2015-12-08 17:54 GMT+01:00 Rowland penny <rpenny at samba.org>:

> On 08/12/15 16:33, mathias dufresne wrote:
>
>> 2015-12-08 17:15 GMT+01:00 Rowland penny <rpenny at samba.org>:
>>
>> On 08/12/15 16:02, mathias dufresne wrote:
>>>
>>> On any Linux system where you want to be able to use AD users as system
>>>> users you need to configure PAM. This because it is PAM which discuss
>>>> with
>>>> the tool you have chosen to retrieve users information from AD and then
>>>> build system users with these information.
>>>>
>>>> It may be better if you stop calling local Unix users 'system users',
>>> system users are something else, i.e. 'root' is a system user, as is
>>> 'www-data'
>>>
>>
>> System users are users available from system side.
>> Local users are users declared in /etc/passwd.
>>
>> What is the point of your remark?
>>
>
> The point is that 'Unix system users" != 'Unix local users'
>
> On a Unix system, low ID numbers are used for system users i.e. root,
> www-data, ntp etc, these numbers are all under 1000 (used to be 500 on
> redhat systems), but they all appear in /etc/passwd.
> A Unix local user is a user that has an ID number of 1000 and upwards that
> appears in /etc/passwd. You can have a user called fred on two different
> Unix machines, but they would not be the same user. This is where AD comes
> in, by creating the user 'fred' in AD and giving the user a uidNumber, this
> user could log into any domain joined computer and would be the same user.
>

You wrote:
"A Unix local user is a user that has an ID number of 1000 and upwards that
appears in /etc/passwd."
How do you call a user declared in /etc/passwd with UID superior than 1000?

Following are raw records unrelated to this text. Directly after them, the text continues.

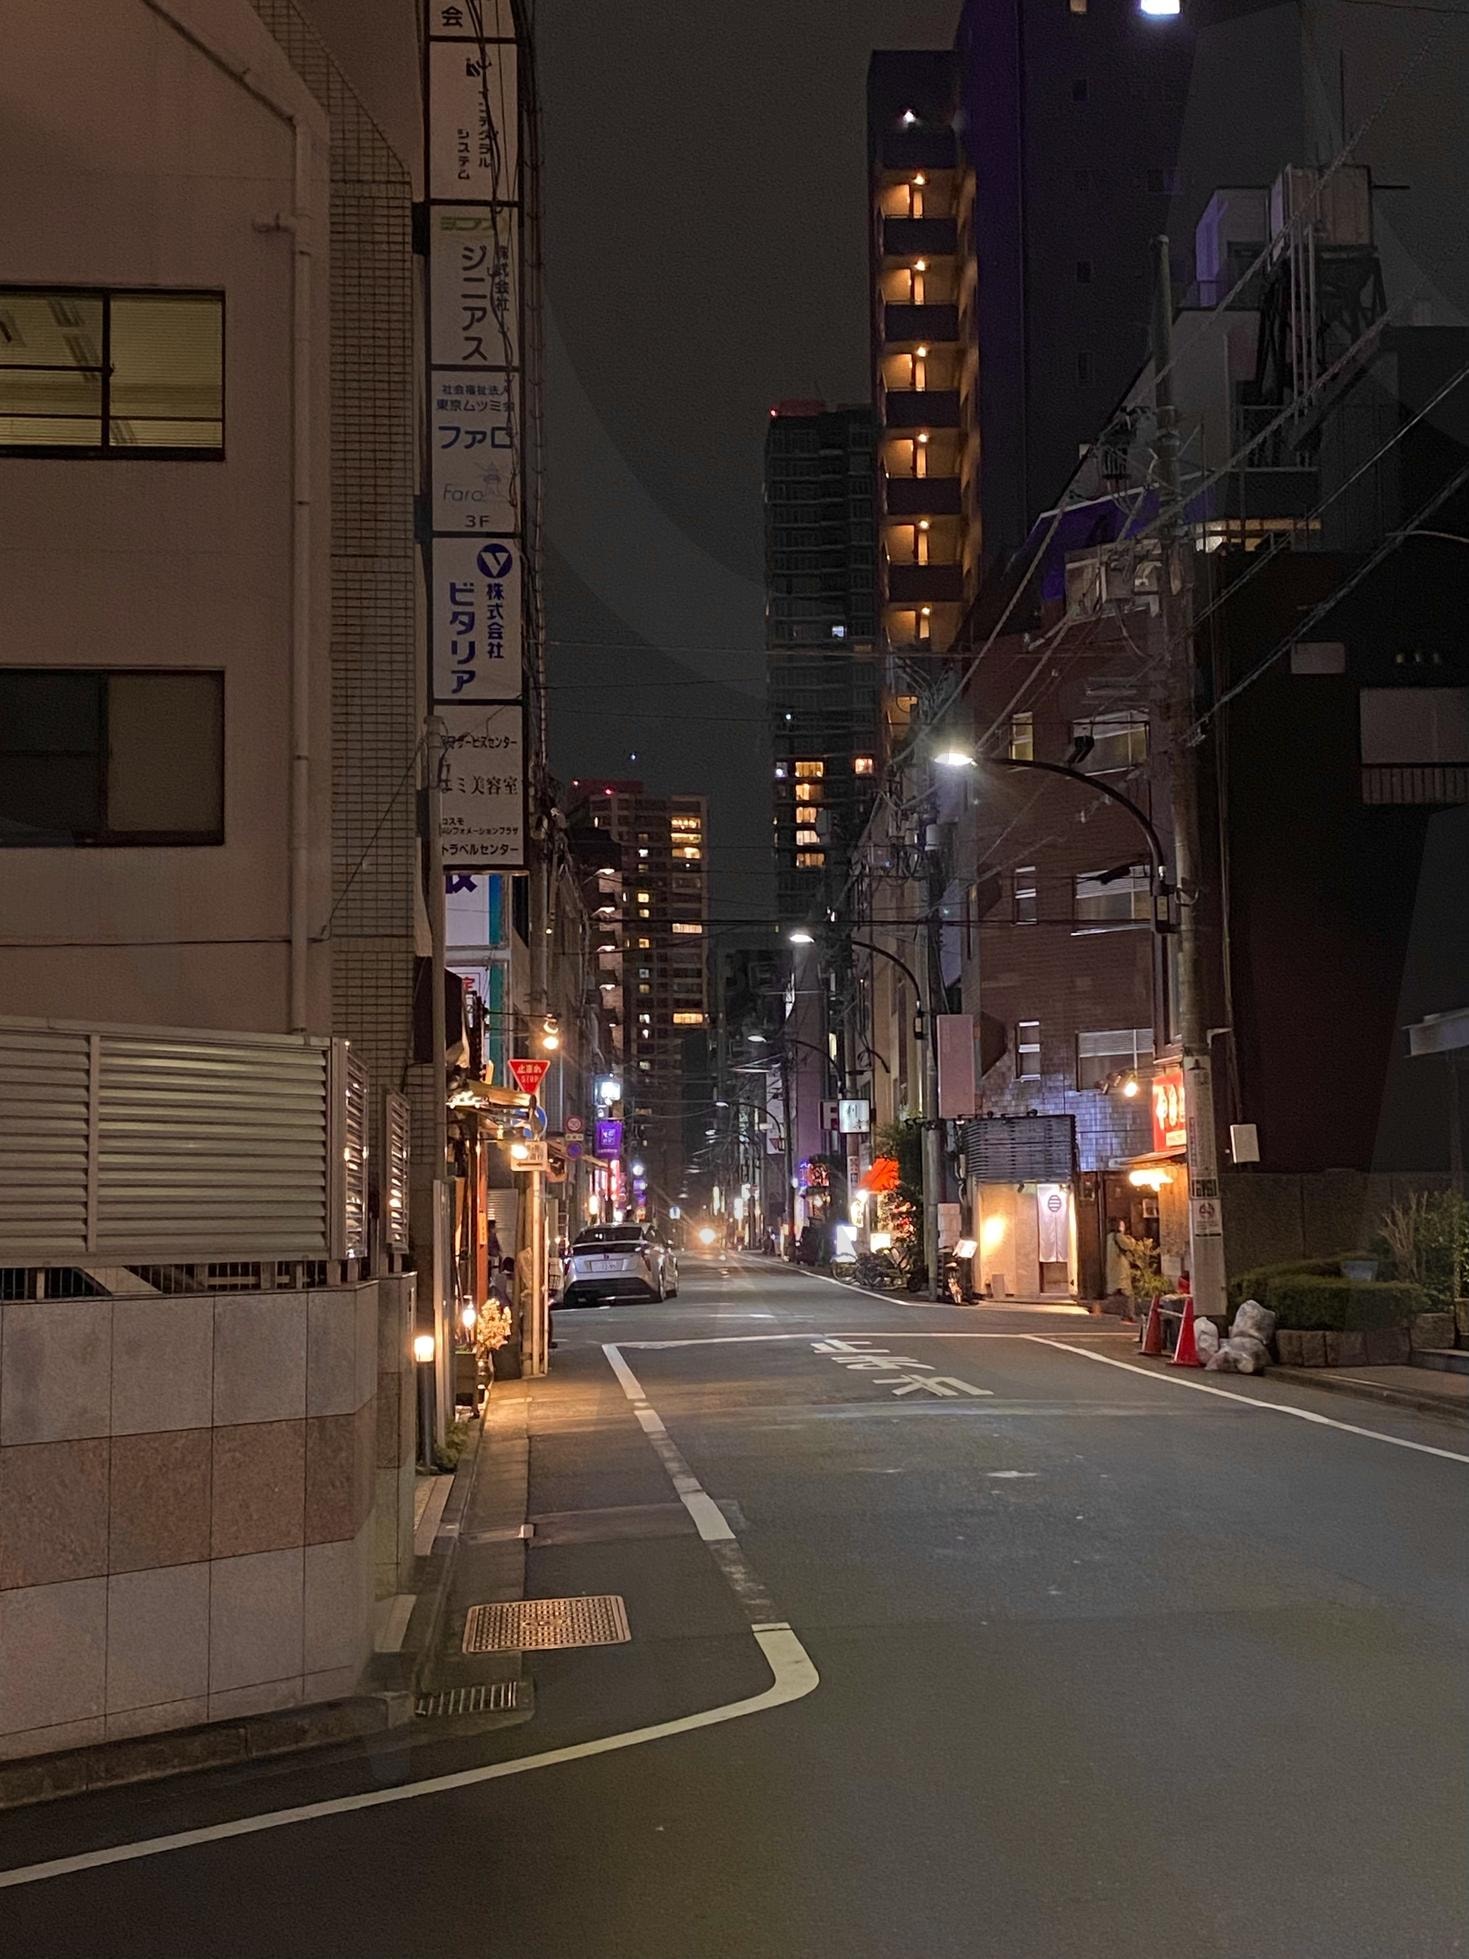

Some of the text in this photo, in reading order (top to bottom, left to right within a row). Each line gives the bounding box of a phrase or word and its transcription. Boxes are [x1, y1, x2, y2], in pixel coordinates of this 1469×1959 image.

[441, 5, 463, 28] 会
[457, 128, 471, 180] システム
[461, 245, 488, 361] ジニアス
[438, 426, 513, 450] ファロ
[464, 515, 491, 528] 3F
[486, 582, 505, 660] 株式会社
[449, 581, 477, 694] ビタリア
[441, 843, 519, 857] トラベルセンター
[516, 1063, 543, 1074] 止まれ
[520, 1075, 540, 1083] STOP
[810, 1338, 994, 1397] 止まれ

I understand your point of view but you seem to me the one needing to find
a new word, not me.

Let's forget this "local user" - which does not release you to answer my
previous question - and speak about "system users". For me a system is a
user available on system side, for command as getent, id... A user which
can interact with the system as a user.

Still for me, "local users" are anything declared locally regardless of
their UID.
This because:
- they are declared locally
- we mainly speak about Samba, as Samba is bound to act as AD, as AD is
designed to have an external user database which could be use on system
side, we really need a way to describe the difference between all local
users and users coming from AD. Here I'm still speaking about users which
can interact with the system ("system users" is shorter indeed).
This distinction is necessary for us to understand each other and it again
more necessary for new comers in Samba or AD world.

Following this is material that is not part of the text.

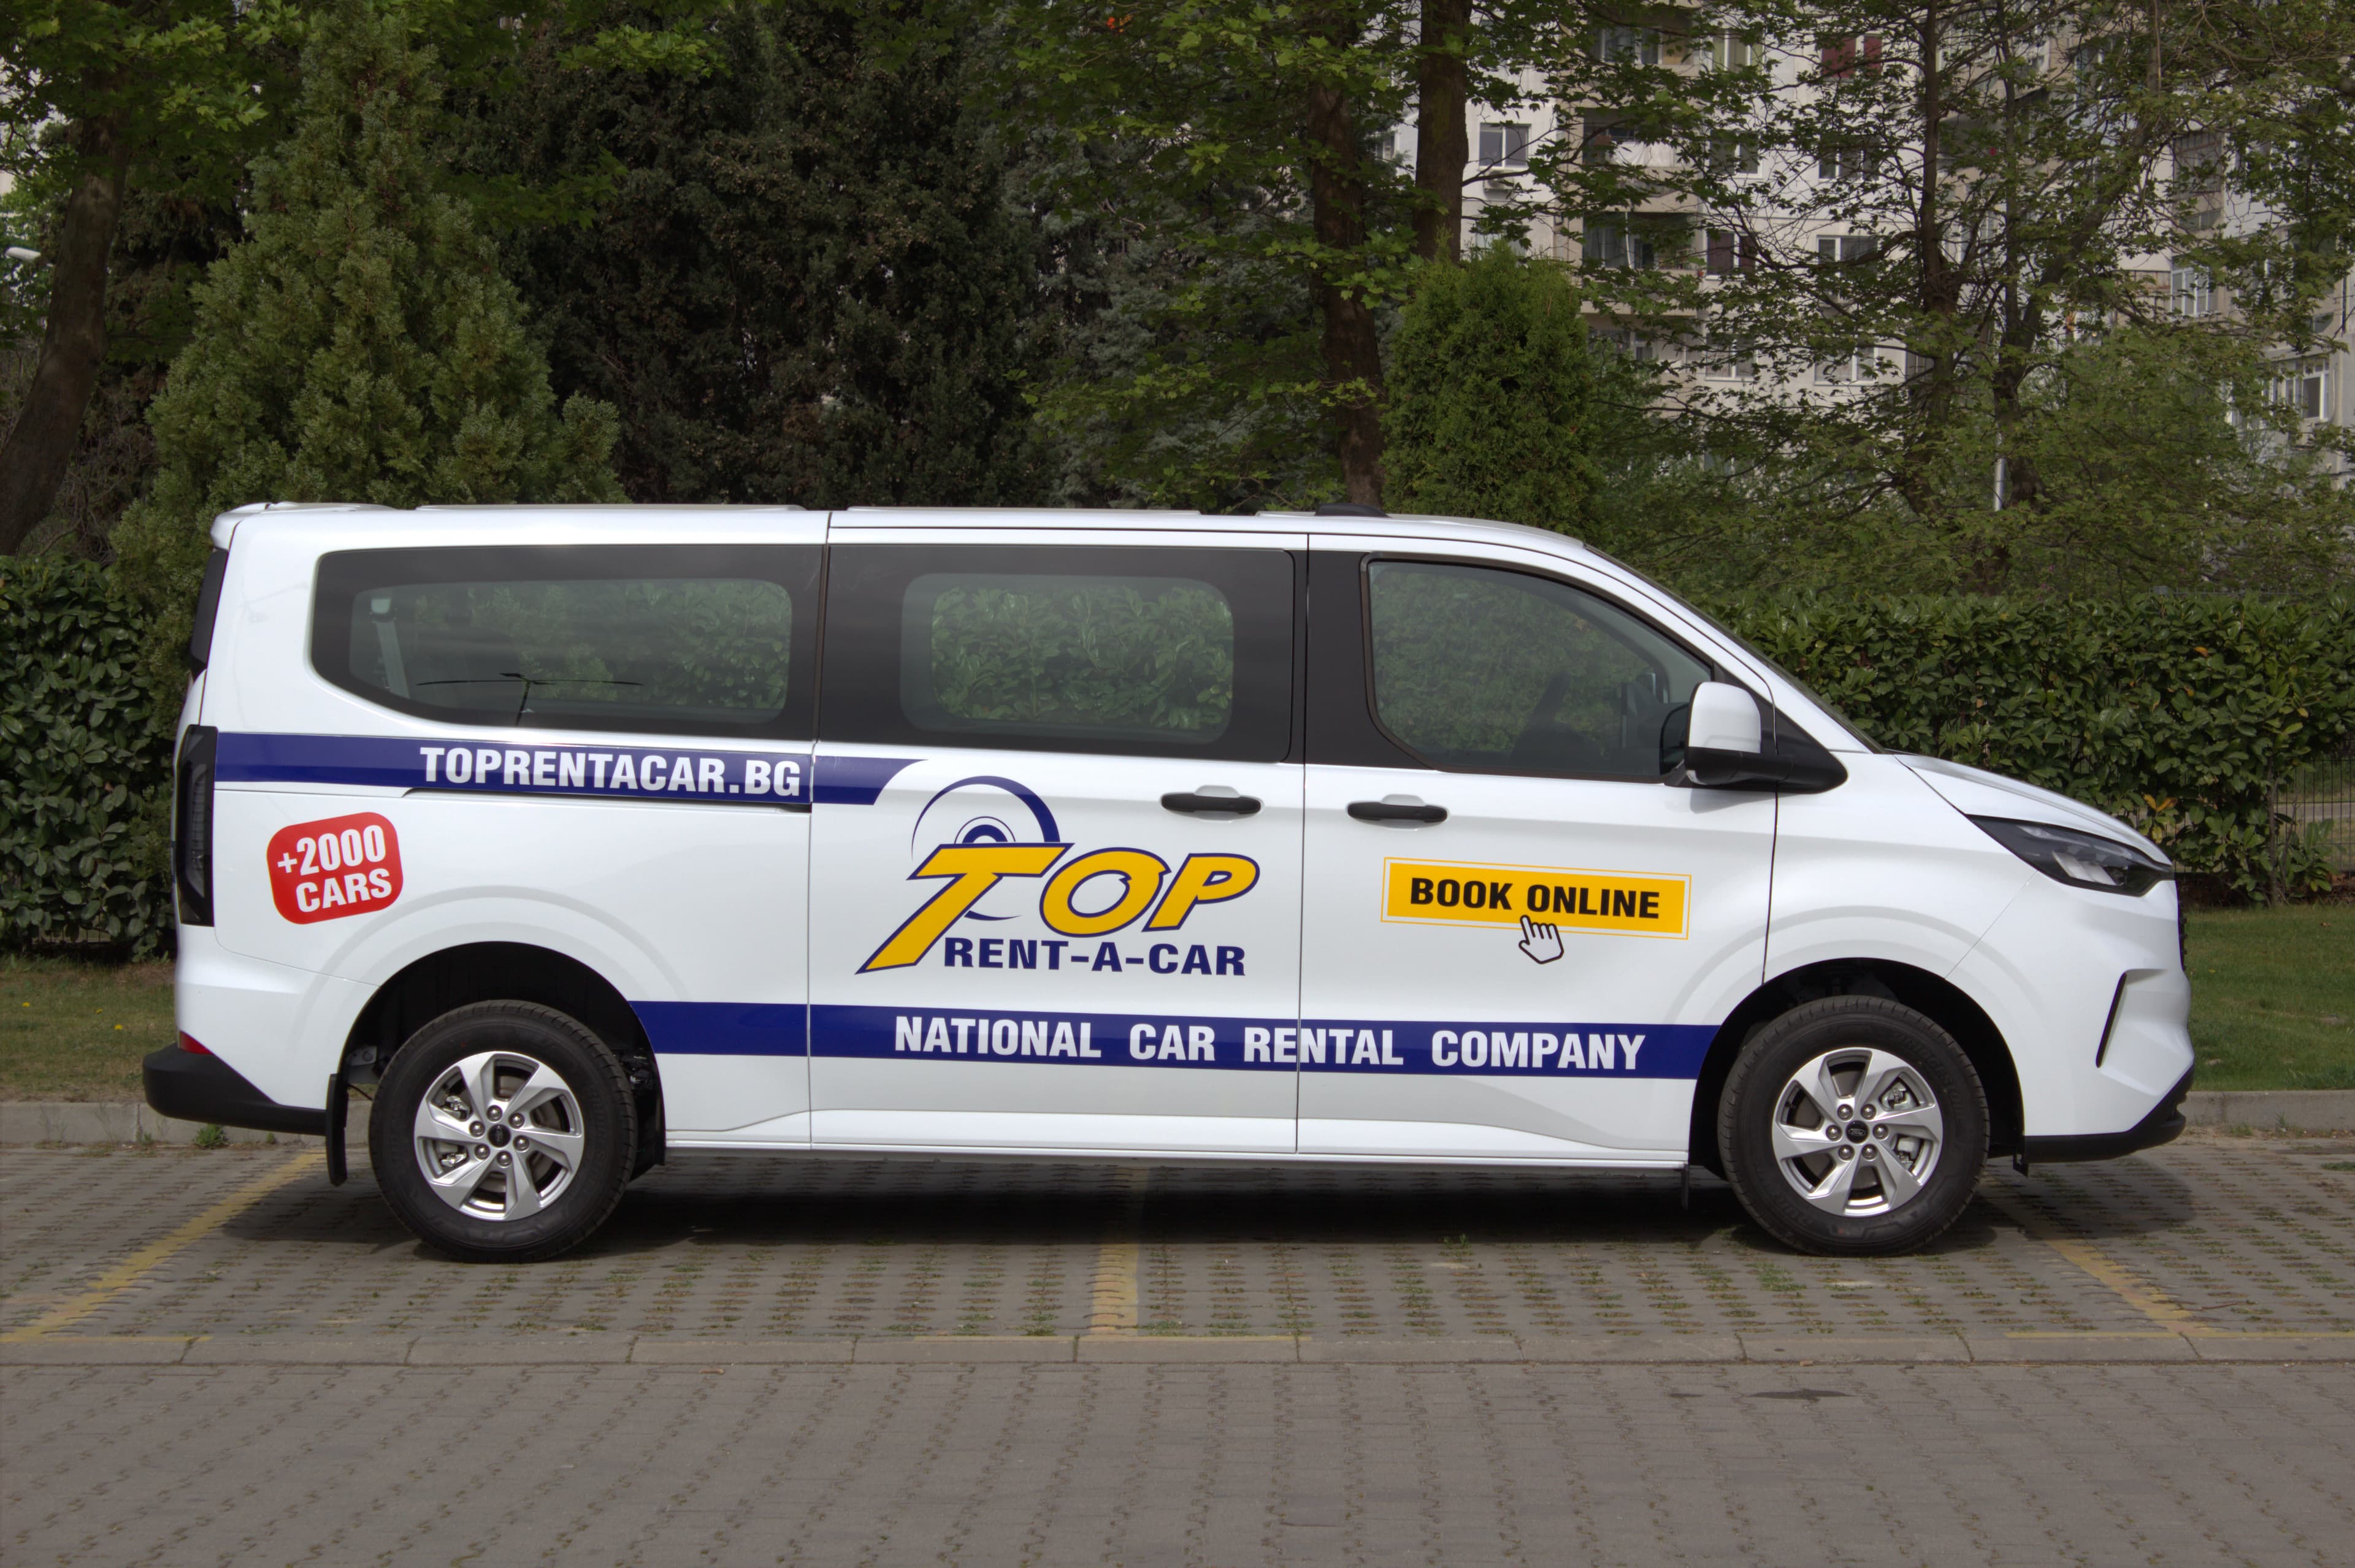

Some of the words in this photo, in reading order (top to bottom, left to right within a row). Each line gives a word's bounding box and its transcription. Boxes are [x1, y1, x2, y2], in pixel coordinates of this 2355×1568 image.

What for a user reading your mails where you told "A Unix local user is a
user that has an ID number of 1000 and upwards that appears in /etc/passwd"
and trust you? Should he remove all users in /etc/passwd with uid > 1000
because that's not how thing are nice or should he find a way to keep these
users and find a workaround?

In AD and any remote user DB there is two kinds of users: local users and
remote users. Reuniting both kinds and you get system users. All users
which can use the system as a system (shell if they are allowed, getent for
lazy test).

I really don't understand why you can't stop yourself complaining like
that. I was merely trying to describe a not-so-simple concept. All I get
was "It may be better if you stop "... Did you really write that to help
the original poster? Or just to complain?

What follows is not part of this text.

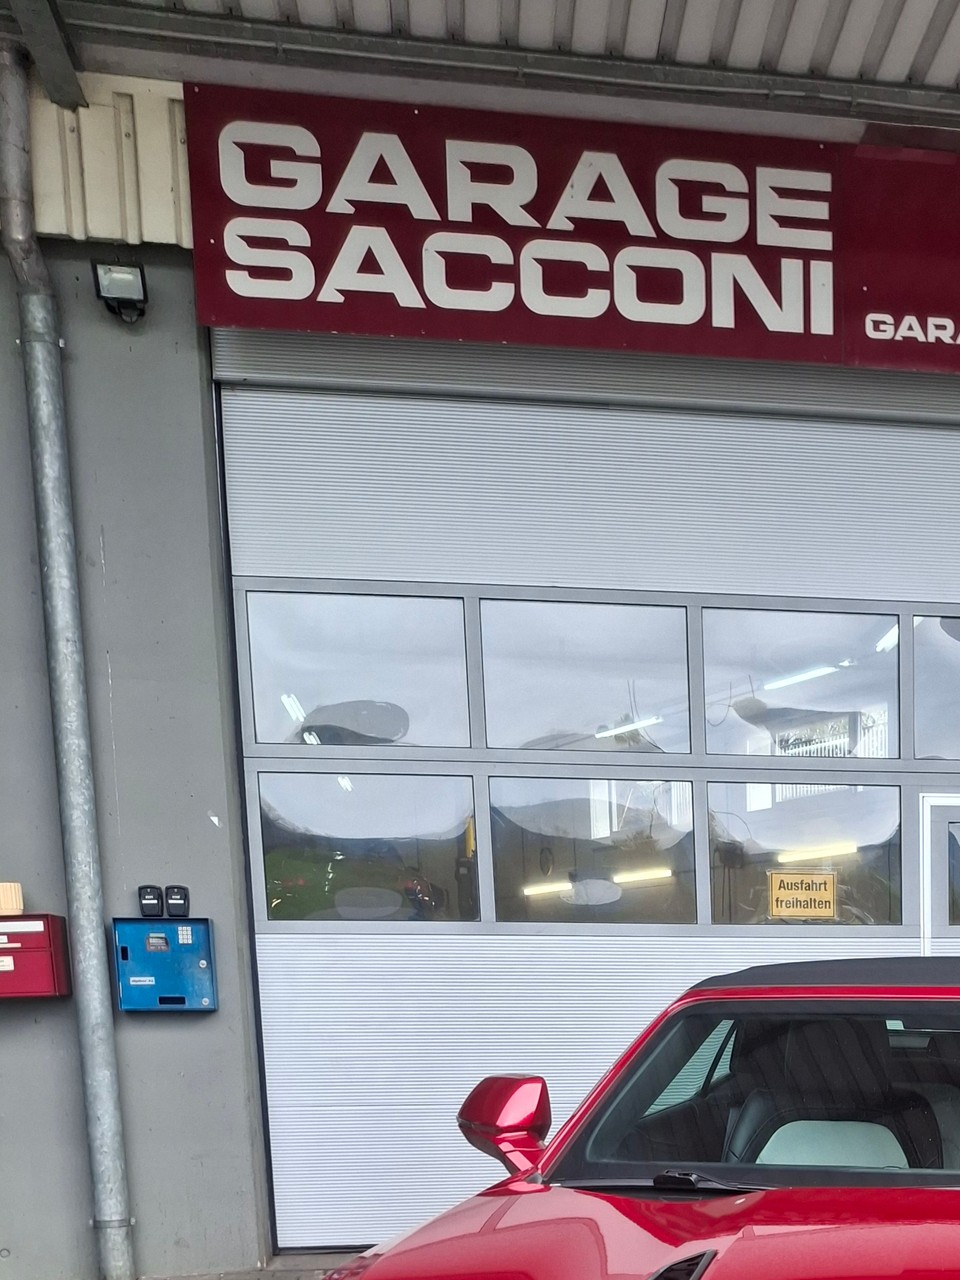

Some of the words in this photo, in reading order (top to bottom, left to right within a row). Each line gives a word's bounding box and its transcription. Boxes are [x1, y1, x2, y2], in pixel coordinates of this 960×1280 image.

[218, 120, 833, 251] GARAGE
[223, 216, 834, 336] SACCONI
[775, 897, 831, 910] freihalten
[778, 879, 828, 892] Ausfahrt

Words are nothing more than words. They have meaning with context, only.
Especially in IT world where all moves so fast, language included.

I would end that with:
Rowland, please, try to make effort to understand others, try to understand
we are not all English native, try to be less rough, accept the idea we
(most of us) have to translate. And finally try to understand the way you
speak IT in your daily work is not necessarily the same way we speak IT
there, or here. We all have to adapt to understand each other. You too.